** Opening RECORD SET block **

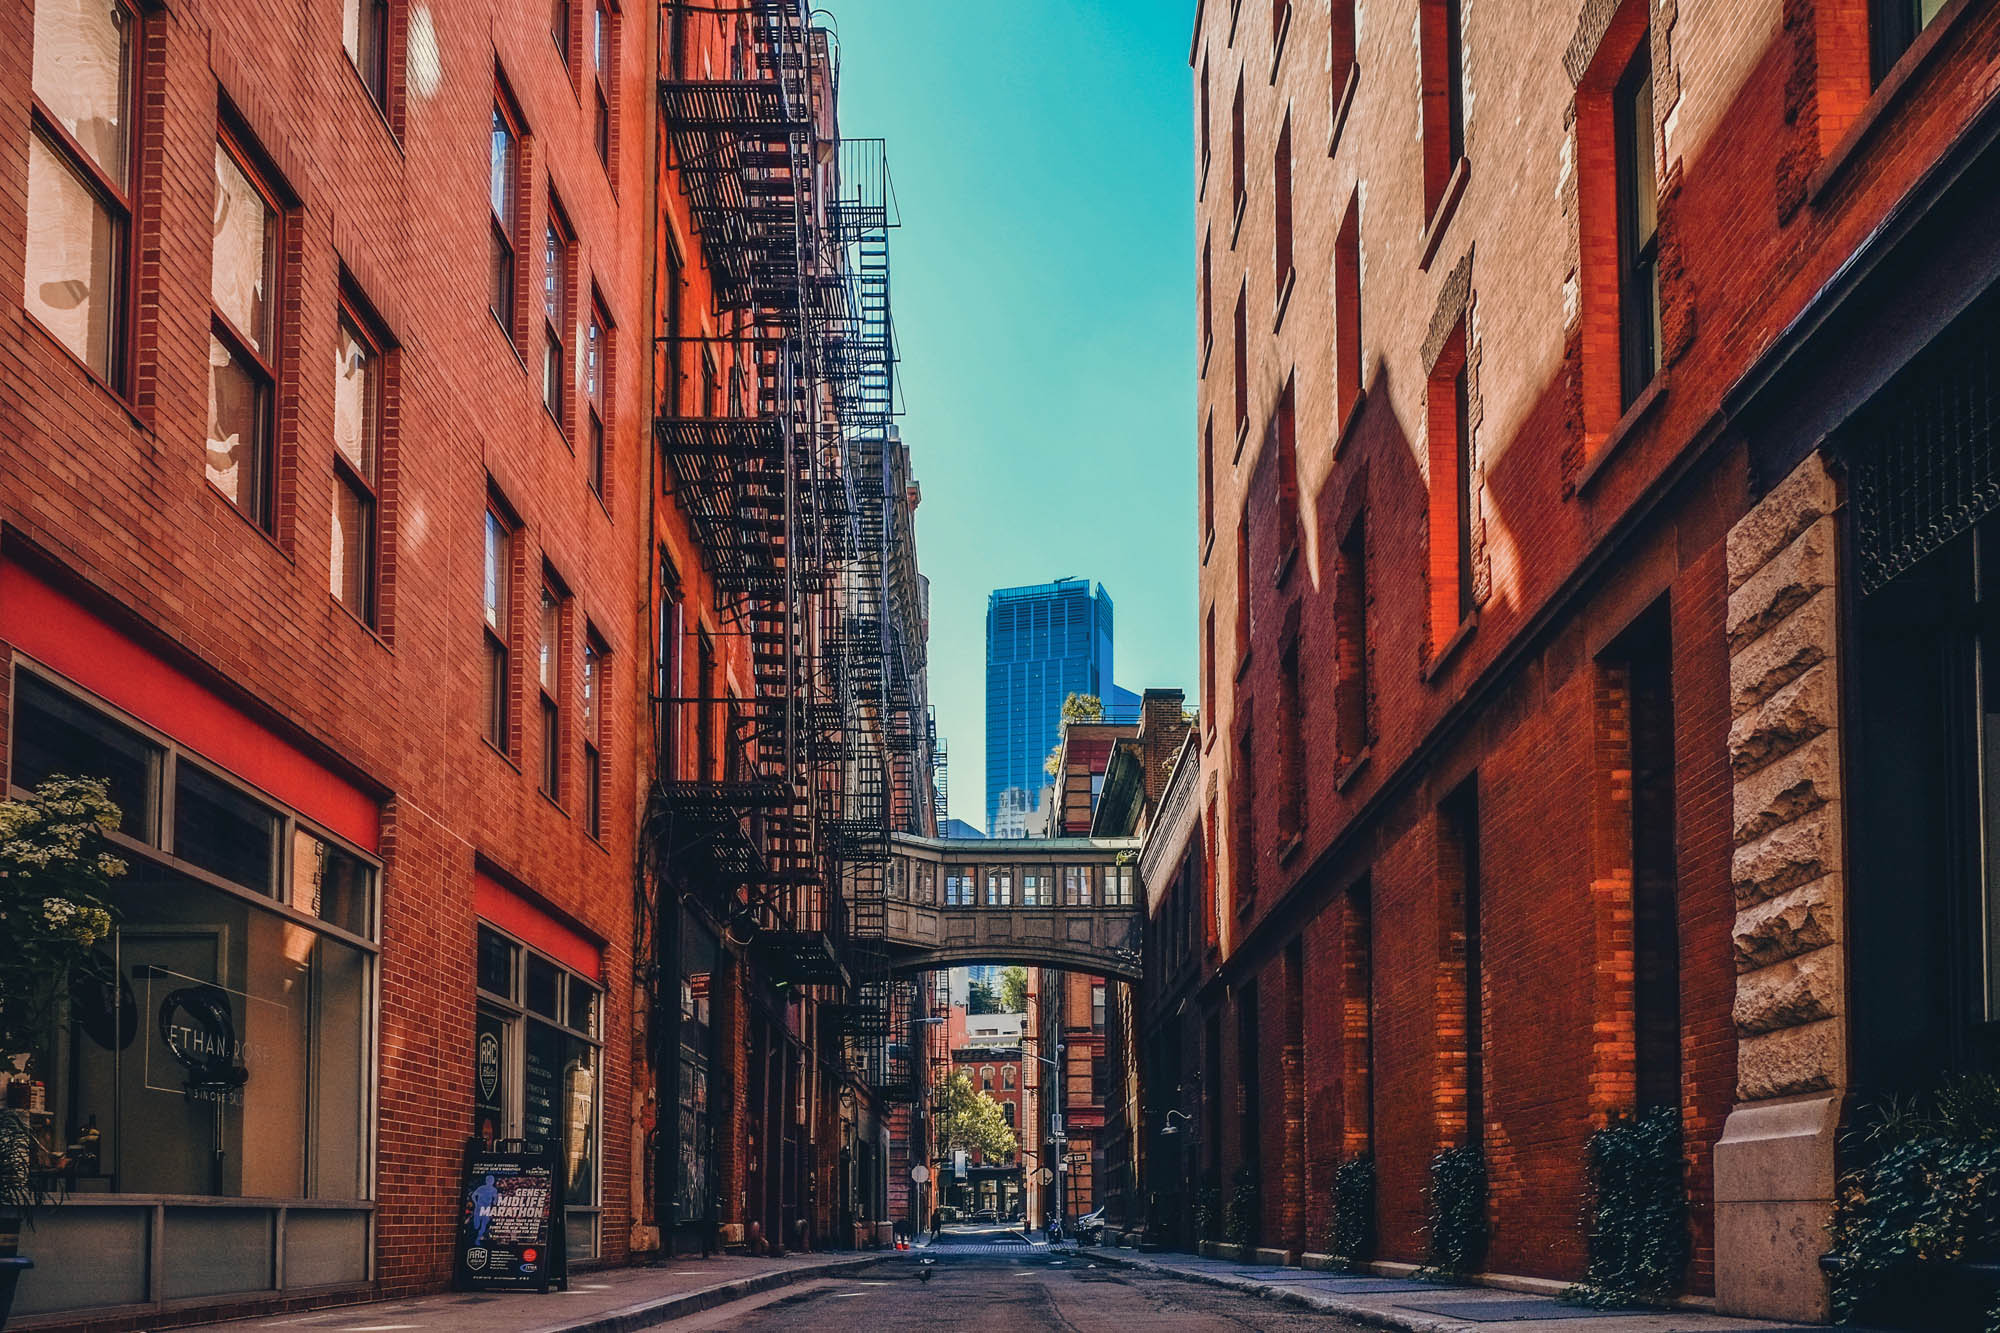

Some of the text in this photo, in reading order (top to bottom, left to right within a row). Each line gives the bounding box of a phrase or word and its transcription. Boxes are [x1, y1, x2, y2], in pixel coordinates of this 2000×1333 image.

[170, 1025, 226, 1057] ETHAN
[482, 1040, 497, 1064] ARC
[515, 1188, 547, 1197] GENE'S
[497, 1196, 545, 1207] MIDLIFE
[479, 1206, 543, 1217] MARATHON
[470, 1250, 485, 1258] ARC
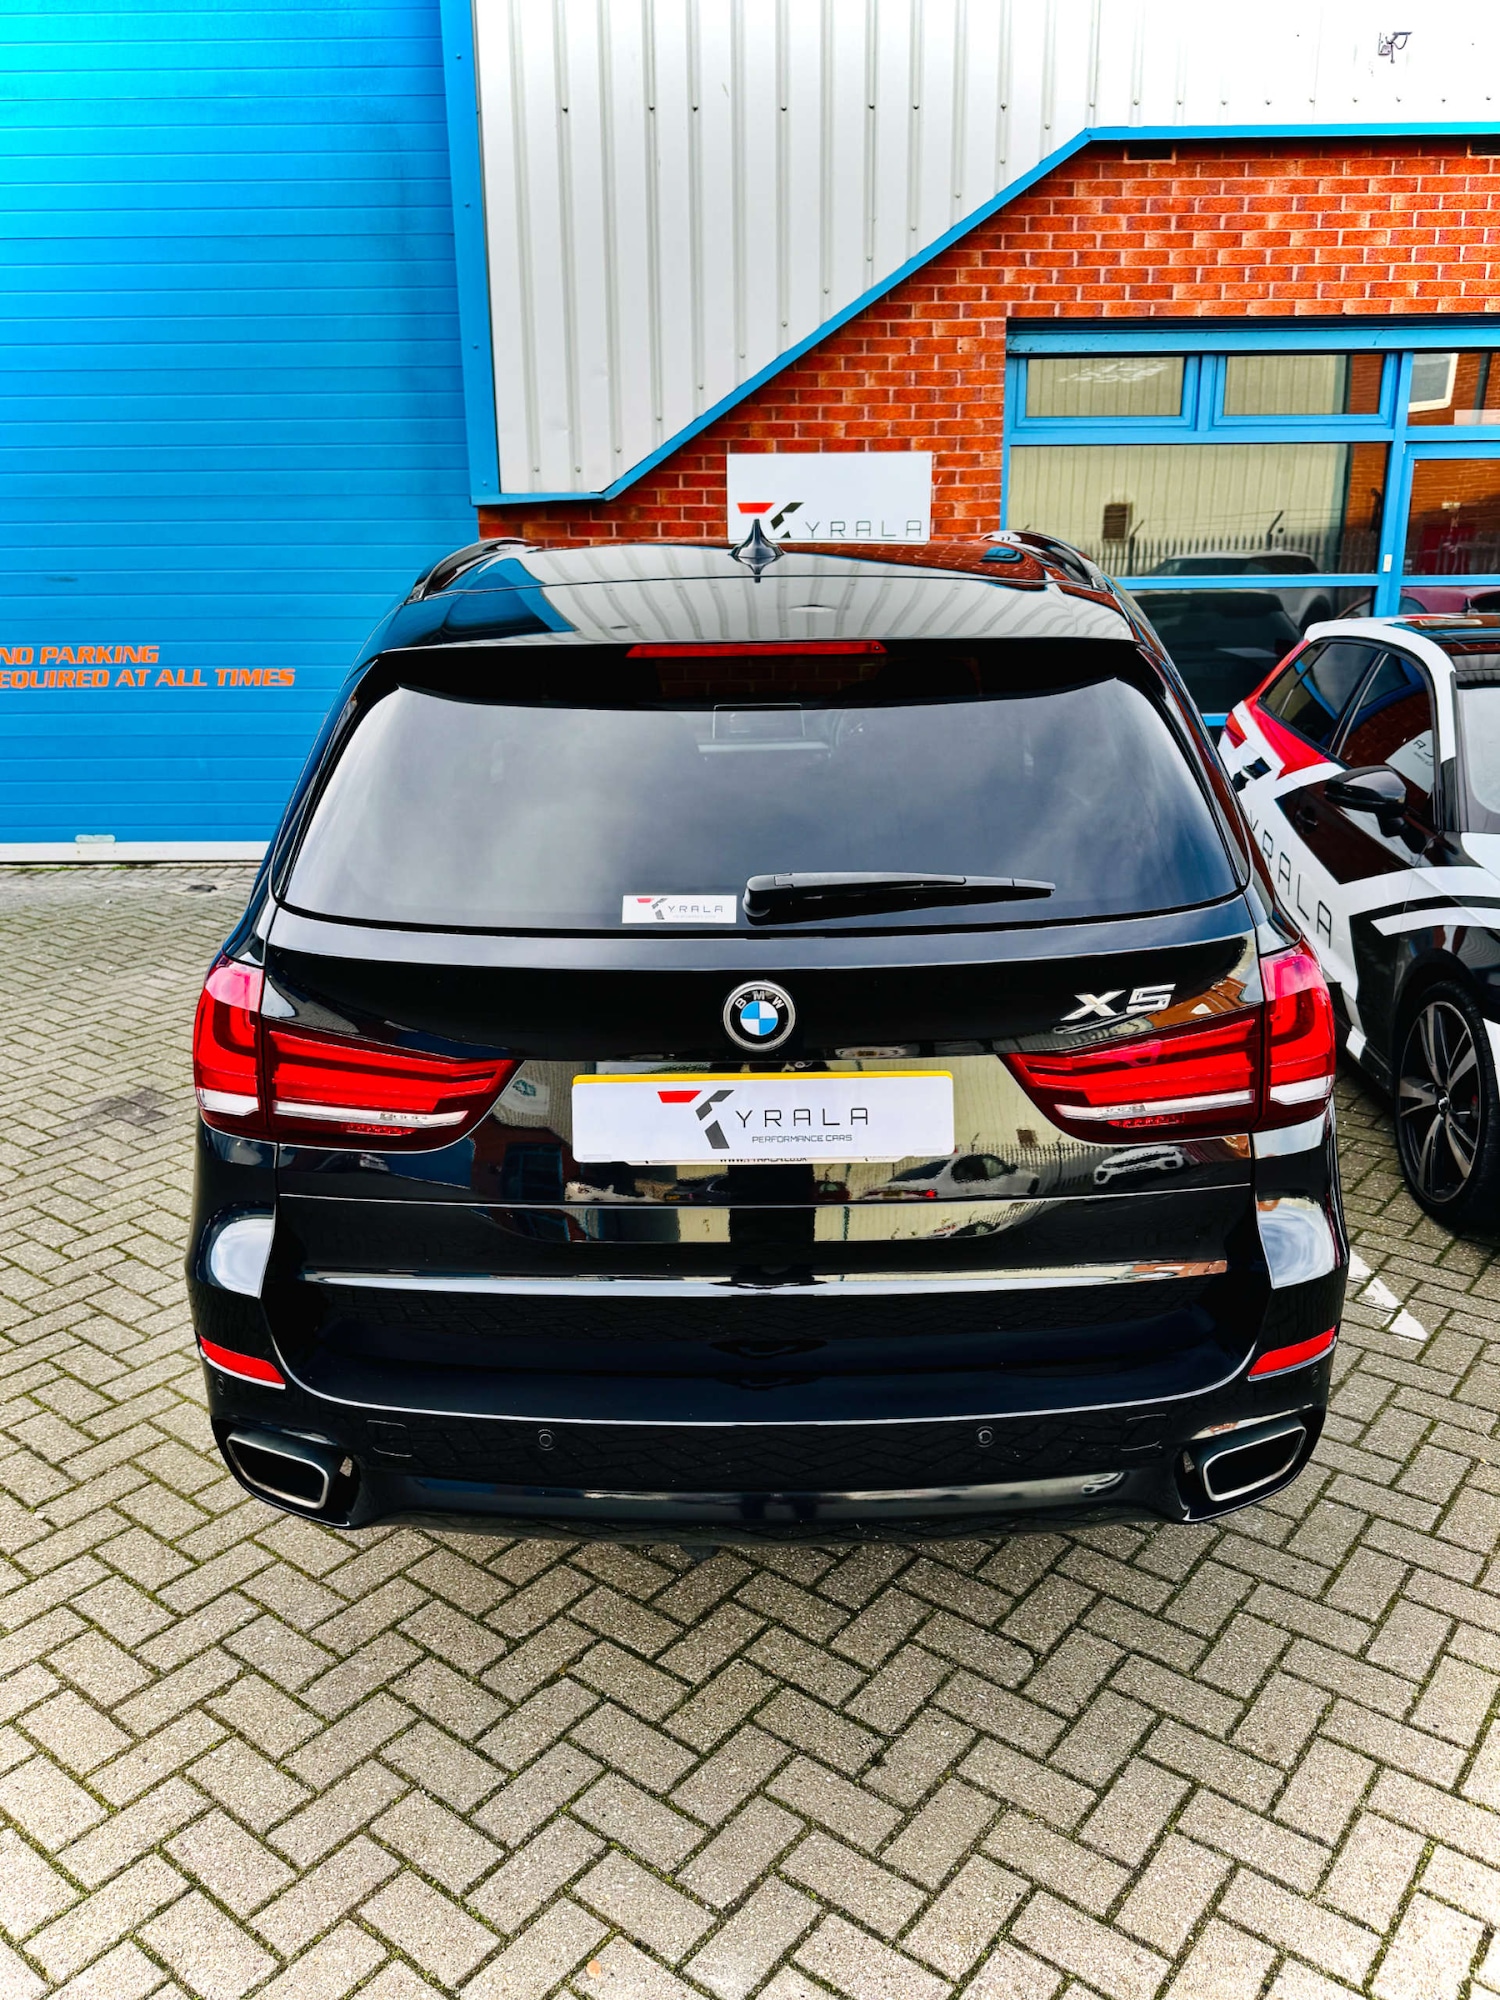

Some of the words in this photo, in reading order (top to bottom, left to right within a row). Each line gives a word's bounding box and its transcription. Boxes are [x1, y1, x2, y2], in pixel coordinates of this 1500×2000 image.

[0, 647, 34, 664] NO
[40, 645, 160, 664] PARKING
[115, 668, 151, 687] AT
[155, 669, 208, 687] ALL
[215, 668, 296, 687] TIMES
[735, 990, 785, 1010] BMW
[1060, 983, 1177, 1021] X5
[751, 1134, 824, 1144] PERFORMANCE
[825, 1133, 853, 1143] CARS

** Closing RECORD SET block **

Copy out every line of the data above, taking care to leave the pictures out.

Some of the text in this photo, in reading order (top to bottom, left to right within a row). Each line gives the bounding box of a phrase or word and its transcription. Boxes are [x1, y1, x2, y2], in pixel coordinates of this 2000×1333 image.

[170, 1025, 226, 1057] ETHAN
[482, 1040, 497, 1064] ARC
[515, 1188, 547, 1197] GENE'S
[497, 1196, 545, 1207] MIDLIFE
[479, 1206, 543, 1217] MARATHON
[470, 1250, 485, 1258] ARC

Some of the words in this photo, in reading order (top to bottom, left to right within a row). Each line gives a word's bounding box and its transcription. Boxes are [x1, y1, x2, y2], in pixel coordinates of this 1500×2000 image.

[0, 647, 34, 664] NO
[40, 645, 160, 664] PARKING
[115, 668, 151, 687] AT
[155, 669, 208, 687] ALL
[215, 668, 296, 687] TIMES
[735, 990, 785, 1010] BMW
[1060, 983, 1177, 1021] X5
[751, 1134, 824, 1144] PERFORMANCE
[825, 1133, 853, 1143] CARS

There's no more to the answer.